Userspace passes in the above struct and for each pending interrupt a
struct kvm_s390_irq is copied to the provided buffer.

The structure contains a flags and a reserved field for future extensions. As
the kernel never checked for flags == 0 and QEMU never pre-zeroed flags and
reserved, these fields can not be used in the future without breaking
compatibility.

If -ENOBUFS is returned the buffer provided was too small and userspace
may retry with a bigger buffer.

4.95 KVM_S390_SET_IRQ_STATE

Capability: KVM_CAP_S390_IRQ_STATE
Architectures: s390
Type: vcpu ioctl
Parameters: struct kvm_s390_irq_state (in)
Returns: 0 on success,
         -EFAULT if the buffer address was invalid,
         -EINVAL for an invalid buffer length (see below),
         -EBUSY if there were already interrupts pending,
         errors occurring when actually injecting the
          interrupt. See KVM_S390_IRQ.

This ioctl allows userspace to set the complete state of all cpu-local
interrupts currently pending for the vcpu. It is intended for restoring
interrupt state after a migration. The input parameter is a userspace buffer
containing a struct kvm_s390_irq_state:

struct kvm_s390_irq_state {
	__u64 buf;
	__u32 flags;        /* will stay unused for compatibility reasons */
	__u32 len;
	__u32 reserved[4];  /* will stay unused for compatibility reasons */
};

The restrictions for flags and reserved apply as well.
(see KVM_S390_GET_IRQ_STATE)

The userspace memory referenced by buf contains a struct kvm_s390_irq
for each interrupt to be injected into the guest.
If one of the interrupts could not be injected for some reason the
ioctl aborts.

len must be a multiple of sizeof(struct kvm_s390_irq). It must be > 0
and it must not exceed (max_vcpus + 32) * sizeof(struct kvm_s390_irq),
which is the maximum number of possibly pending cpu-local interrupts.

4.96 KVM_SMI

Capability: KVM_CAP_X86_SMM
Architectures: x86
Type: vcpu ioctl
Parameters: none
Returns: 0 on success, -1 on error

Queues an SMI on the thread's vcpu.

4.97 KVM_CAP_PPC_MULTITCE

Capability: KVM_CAP_PPC_MULTITCE
Architectures: ppc
Type: vm

This capability means the kernel is capable of handling hypercalls
H_PUT_TCE_INDIRECT and H_STUFF_TCE without passing those into the user
space. This significantly accelerates DMA operations for PPC KVM guests.
User space should expect that its handlers for these hypercalls
are not going to be called if user space previously registered LIOBN
in KVM (via KVM_CREATE_SPAPR_TCE or similar calls).

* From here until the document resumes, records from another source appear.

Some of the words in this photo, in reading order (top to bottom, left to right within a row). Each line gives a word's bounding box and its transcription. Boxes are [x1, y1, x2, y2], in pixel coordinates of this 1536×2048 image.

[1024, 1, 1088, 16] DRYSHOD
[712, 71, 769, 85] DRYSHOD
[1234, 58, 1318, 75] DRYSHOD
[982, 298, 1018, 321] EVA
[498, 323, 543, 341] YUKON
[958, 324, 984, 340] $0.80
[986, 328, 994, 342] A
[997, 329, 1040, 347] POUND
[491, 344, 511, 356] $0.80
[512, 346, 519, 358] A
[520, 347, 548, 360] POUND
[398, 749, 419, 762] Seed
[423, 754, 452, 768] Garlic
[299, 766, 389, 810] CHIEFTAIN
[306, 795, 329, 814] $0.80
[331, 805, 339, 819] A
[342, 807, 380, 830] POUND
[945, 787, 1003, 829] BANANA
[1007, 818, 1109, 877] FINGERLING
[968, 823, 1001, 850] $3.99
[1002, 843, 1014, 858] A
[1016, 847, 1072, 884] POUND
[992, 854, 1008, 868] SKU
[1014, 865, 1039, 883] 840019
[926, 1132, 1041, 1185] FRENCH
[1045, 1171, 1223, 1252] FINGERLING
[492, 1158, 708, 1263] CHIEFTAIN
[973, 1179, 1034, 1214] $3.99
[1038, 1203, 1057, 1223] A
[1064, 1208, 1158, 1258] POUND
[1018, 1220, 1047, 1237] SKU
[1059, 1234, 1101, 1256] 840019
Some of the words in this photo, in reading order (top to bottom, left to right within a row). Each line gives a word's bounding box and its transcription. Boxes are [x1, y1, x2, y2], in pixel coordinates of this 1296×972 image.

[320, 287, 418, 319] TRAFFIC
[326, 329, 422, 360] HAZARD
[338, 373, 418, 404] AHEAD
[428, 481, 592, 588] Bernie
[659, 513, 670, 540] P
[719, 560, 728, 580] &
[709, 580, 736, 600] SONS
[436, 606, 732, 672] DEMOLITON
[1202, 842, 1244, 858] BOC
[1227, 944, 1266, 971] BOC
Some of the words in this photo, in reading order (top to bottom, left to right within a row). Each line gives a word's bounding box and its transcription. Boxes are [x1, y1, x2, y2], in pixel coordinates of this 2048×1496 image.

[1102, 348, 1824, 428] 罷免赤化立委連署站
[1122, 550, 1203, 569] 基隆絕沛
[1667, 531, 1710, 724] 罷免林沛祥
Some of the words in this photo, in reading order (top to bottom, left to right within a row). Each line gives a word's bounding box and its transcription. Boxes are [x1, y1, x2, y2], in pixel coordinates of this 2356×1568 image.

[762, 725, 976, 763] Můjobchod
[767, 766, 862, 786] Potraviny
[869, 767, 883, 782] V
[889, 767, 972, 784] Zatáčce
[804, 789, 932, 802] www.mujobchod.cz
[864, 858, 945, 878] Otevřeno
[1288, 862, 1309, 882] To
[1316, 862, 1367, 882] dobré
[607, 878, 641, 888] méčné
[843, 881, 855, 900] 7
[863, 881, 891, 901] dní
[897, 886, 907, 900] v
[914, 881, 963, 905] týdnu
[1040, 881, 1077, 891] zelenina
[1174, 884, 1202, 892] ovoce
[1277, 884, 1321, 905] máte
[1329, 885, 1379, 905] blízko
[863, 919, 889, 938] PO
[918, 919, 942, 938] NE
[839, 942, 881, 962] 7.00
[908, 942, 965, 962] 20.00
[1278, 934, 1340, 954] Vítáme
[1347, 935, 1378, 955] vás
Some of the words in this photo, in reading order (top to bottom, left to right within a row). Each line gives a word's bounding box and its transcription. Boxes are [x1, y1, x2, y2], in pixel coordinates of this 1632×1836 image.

In order to enable H_PUT_TCE_INDIRECT and H_STUFF_TCE use in the guest,
user space might have to advertise it for the guest. For example,
IBM pSeries (sPAPR) guest starts using them if "hcall-multi-tce" is
present in the "ibm,hypertas-functions" device-tree property.

The hypercalls mentioned above may or may not be processed successfully
in the kernel based fast path. If they can not be handled by the kernel,
they will get passed on to user space. So user space still has to have
an implementation for these despite the in kernel acceleration.

This capability is always enabled.

4.98 KVM_CREATE_SPAPR_TCE_64

Capability: KVM_CAP_SPAPR_TCE_64
Architectures: powerpc
Type: vm ioctl
Parameters: struct kvm_create_spapr_tce_64 (in)
Returns: file descriptor for manipulating the created TCE table

This is an extension for KVM_CAP_SPAPR_TCE which only supports 32bit
windows, described in 4.62 KVM_CREATE_SPAPR_TCE

This capability uses extended struct in ioctl interface:

/* for KVM_CAP_SPAPR_TCE_64 */
struct kvm_create_spapr_tce_64 {
	__u64 liobn;
	__u32 page_shift;
	__u32 flags;
	__u64 offset;	/* in pages */
	__u64 size; 	/* in pages */
};

The aim of extension is to support an additional bigger DMA window with
a variable page size.
KVM_CREATE_SPAPR_TCE_64 receives a 64bit window size, an IOMMU page shift and
a bus offset of the corresponding DMA window, @size and @offset are numbers
of IOMMU pages.

@flags are not used at the moment.

The rest of functionality is identical to KVM_CREATE_SPAPR_TCE.

4.99 KVM_REINJECT_CONTROL

Capability: KVM_CAP_REINJECT_CONTROL
Architectures: x86
Type: vm ioctl
Parameters: struct kvm_reinject_control (in)
Returns: 0 on success,
         -EFAULT if struct kvm_reinject_control cannot be read,
         -ENXIO if KVM_CREATE_PIT or KVM_CREATE_PIT2 didn't succeed earlier.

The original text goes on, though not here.